# [Your objective]
Print the records below exactly, omitting all pictures.

# [Records for the exercise]
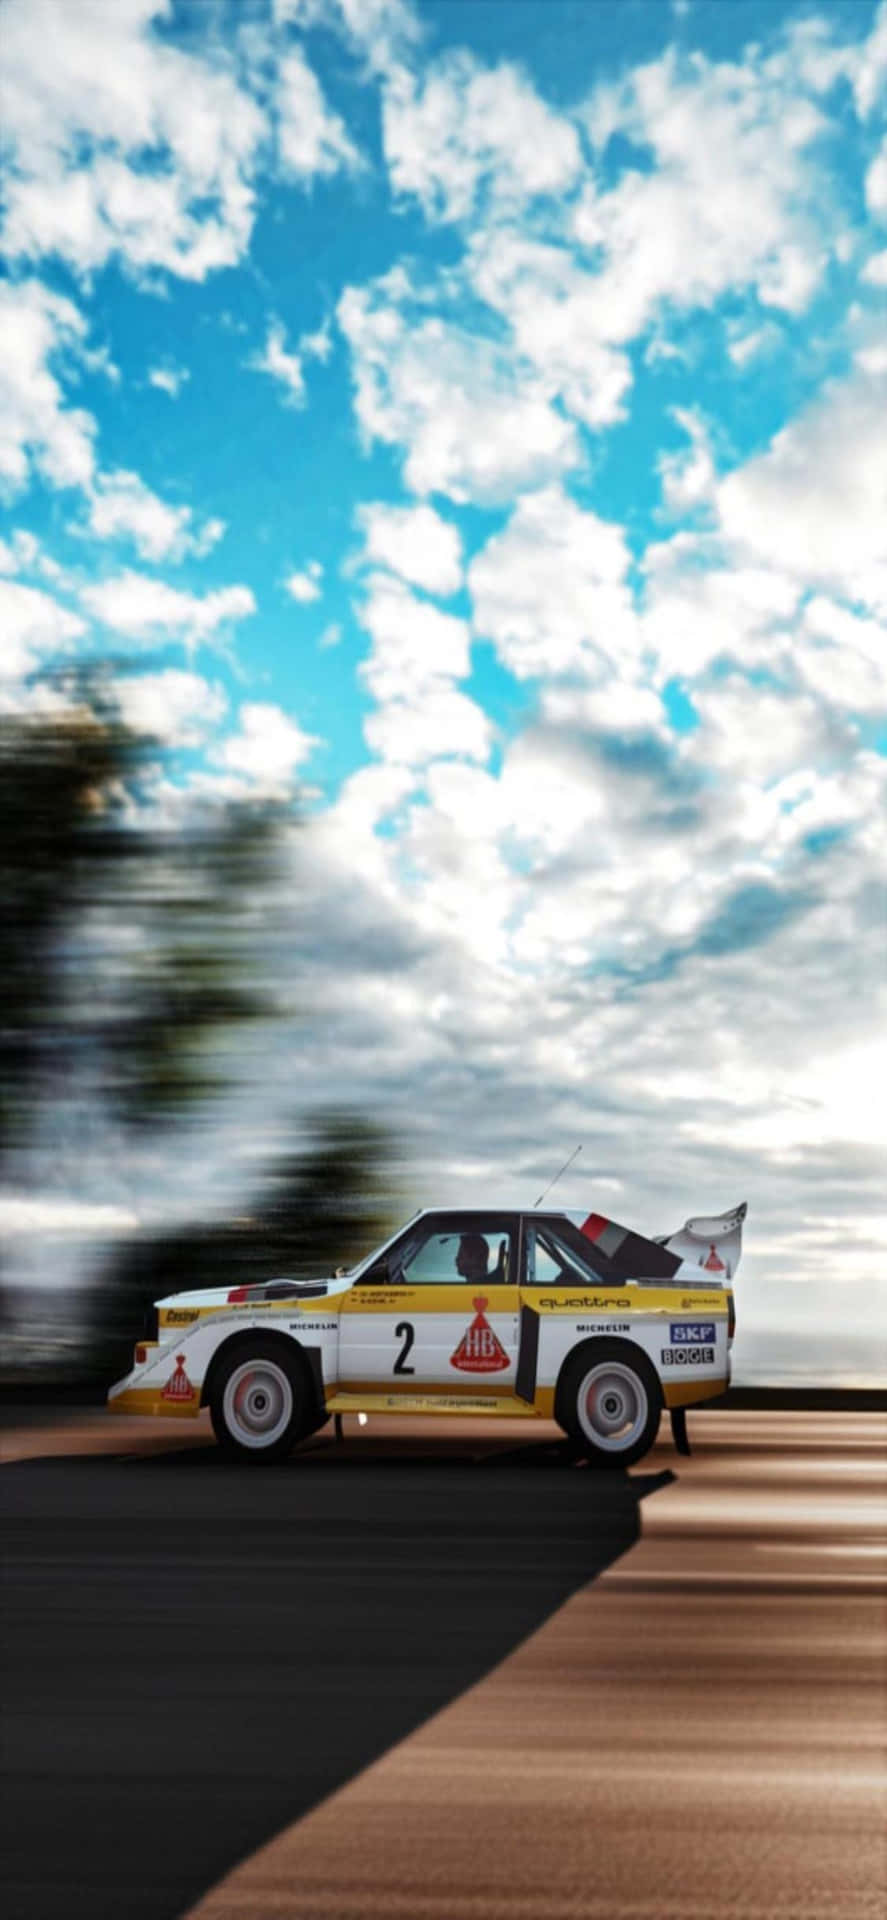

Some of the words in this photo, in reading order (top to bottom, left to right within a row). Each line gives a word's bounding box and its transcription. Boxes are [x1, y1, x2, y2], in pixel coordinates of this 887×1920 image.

[540, 1297, 632, 1310] quattro
[166, 1309, 200, 1323] Castrol
[576, 1324, 631, 1333] MICHELIN
[673, 1326, 713, 1341] SKF
[393, 1320, 415, 1376] 2
[465, 1328, 496, 1358] HB
[662, 1349, 713, 1364] BOGE
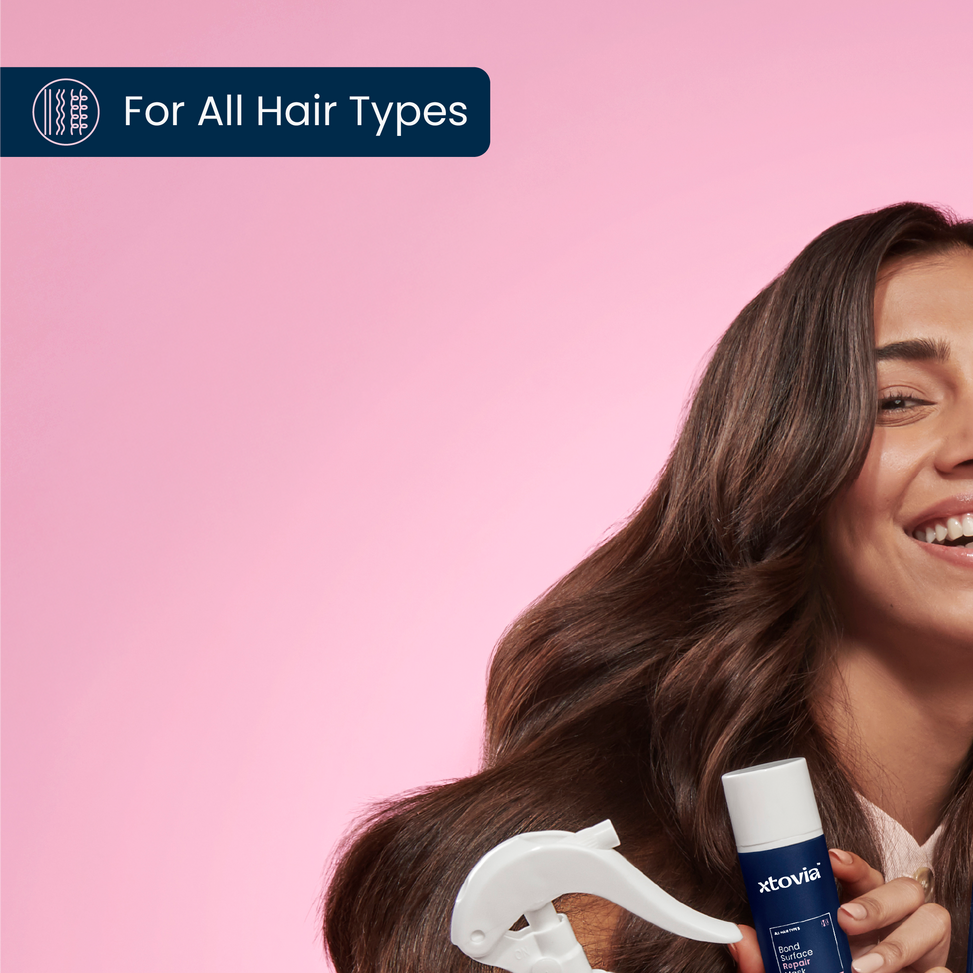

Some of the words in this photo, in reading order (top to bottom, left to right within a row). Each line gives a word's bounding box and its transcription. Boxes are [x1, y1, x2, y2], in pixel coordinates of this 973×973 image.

[778, 942, 800, 954] Bond
[780, 949, 814, 962] Surface
[782, 958, 811, 970] Repair
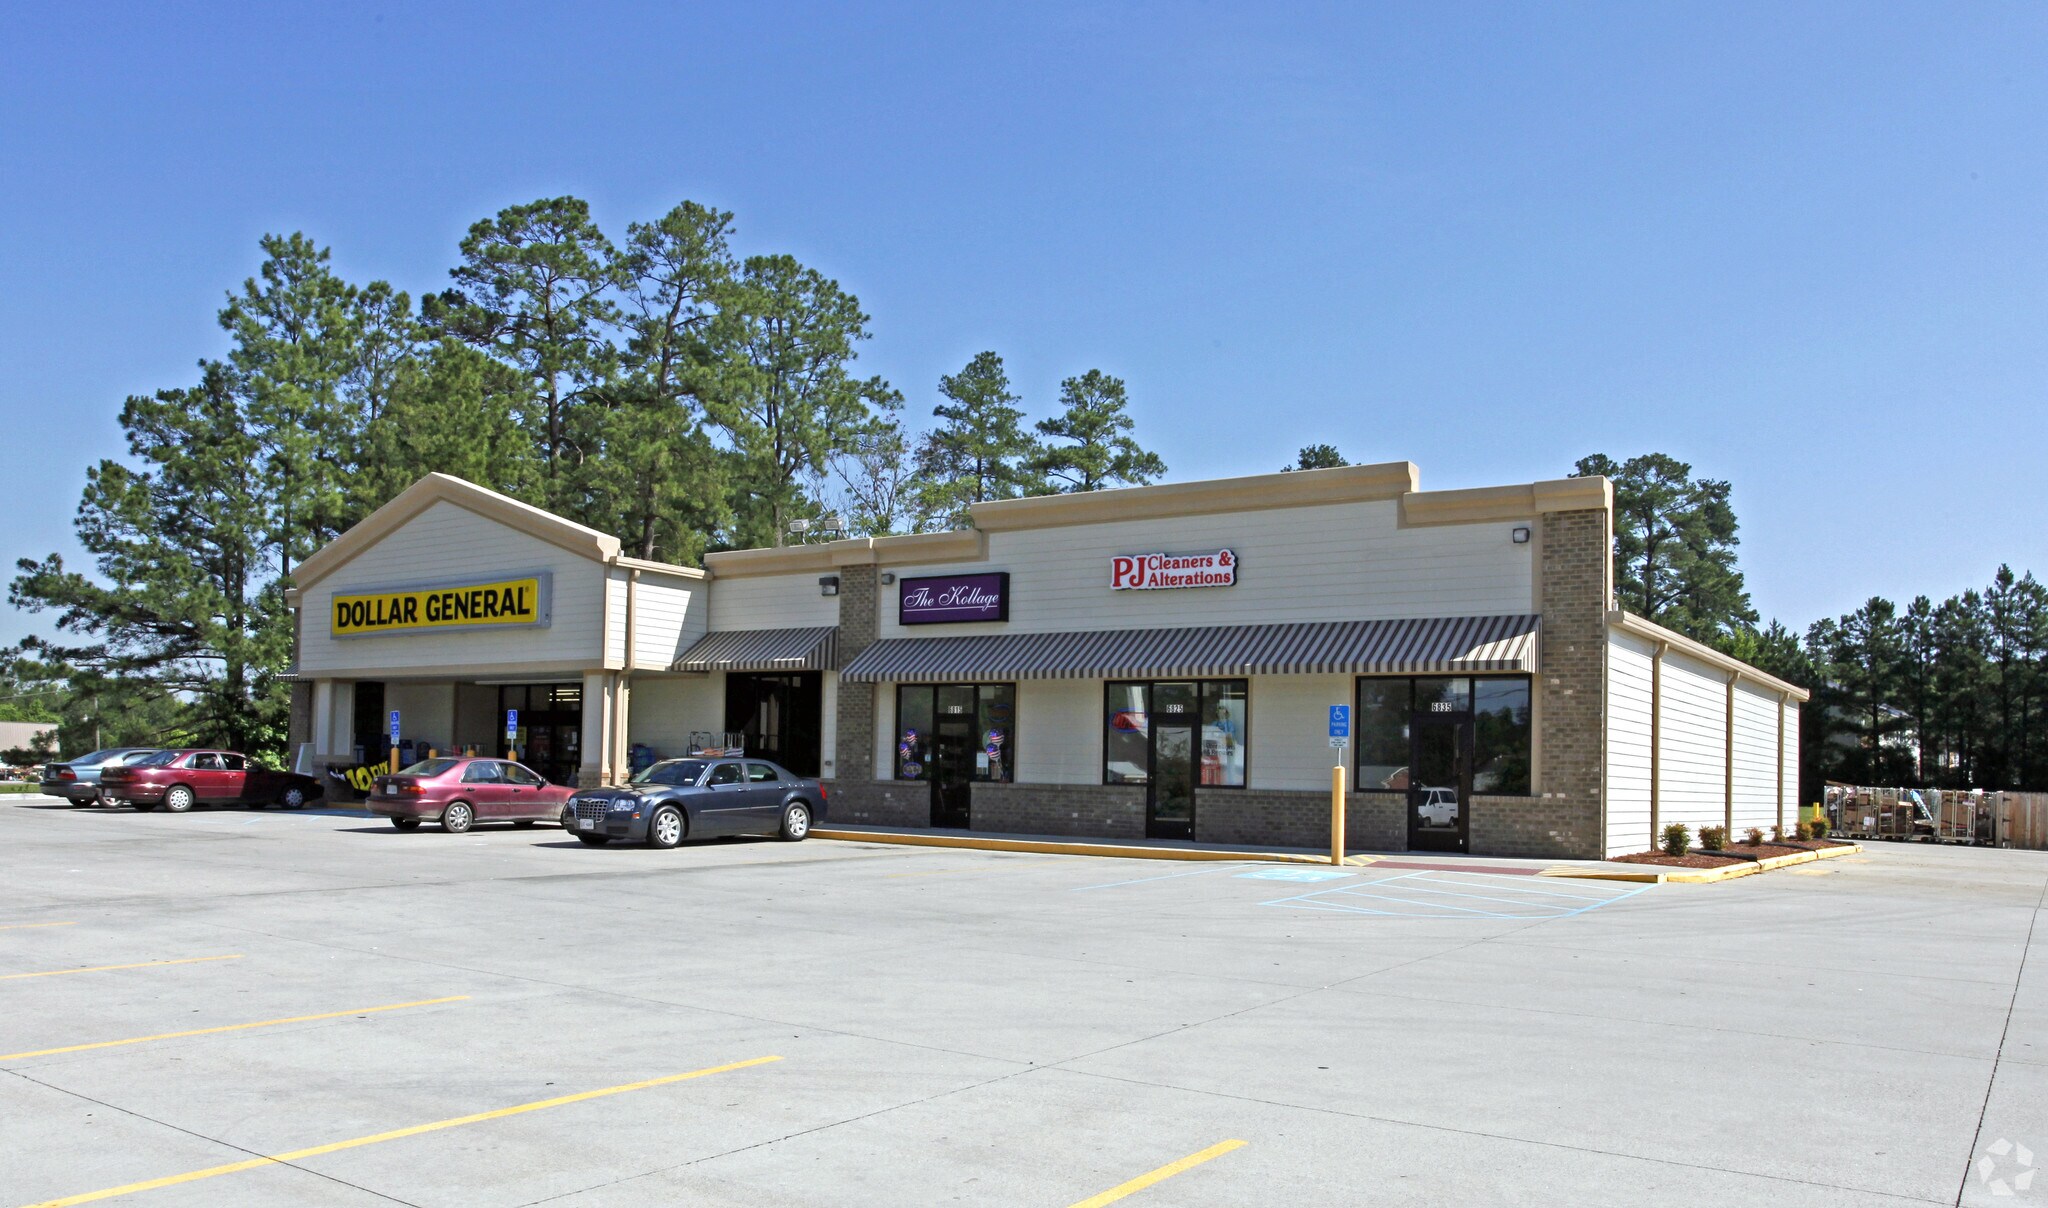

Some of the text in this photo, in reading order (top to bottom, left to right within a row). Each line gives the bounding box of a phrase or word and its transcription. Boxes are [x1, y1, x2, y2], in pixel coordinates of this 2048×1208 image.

# [Exercise solution]
Some of the words in this photo, in reading order (top to bottom, left to right within a row). Each line gives a word's bounding box and its transcription. Boxes are [x1, y1, x2, y2], in pixel coordinates of this 887×1920 image.

[540, 1297, 632, 1310] quattro
[166, 1309, 200, 1323] Castrol
[576, 1324, 631, 1333] MICHELIN
[673, 1326, 713, 1341] SKF
[393, 1320, 415, 1376] 2
[465, 1328, 496, 1358] HB
[662, 1349, 713, 1364] BOGE

Some of the words in this photo, in reading order (top to bottom, left to right within a row). Each line gives a word's bounding box and its transcription. Boxes are [x1, y1, x2, y2], in pixel coordinates of this 973×973 image.

[778, 942, 800, 954] Bond
[780, 949, 814, 962] Surface
[782, 958, 811, 970] Repair

Some of the text in this photo, in reading order (top to bottom, left to right within a row). Each line gives the bounding box of a phrase or word and its transcription. Boxes are [x1, y1, x2, y2], in pixel coordinates of this 2048×1208 image.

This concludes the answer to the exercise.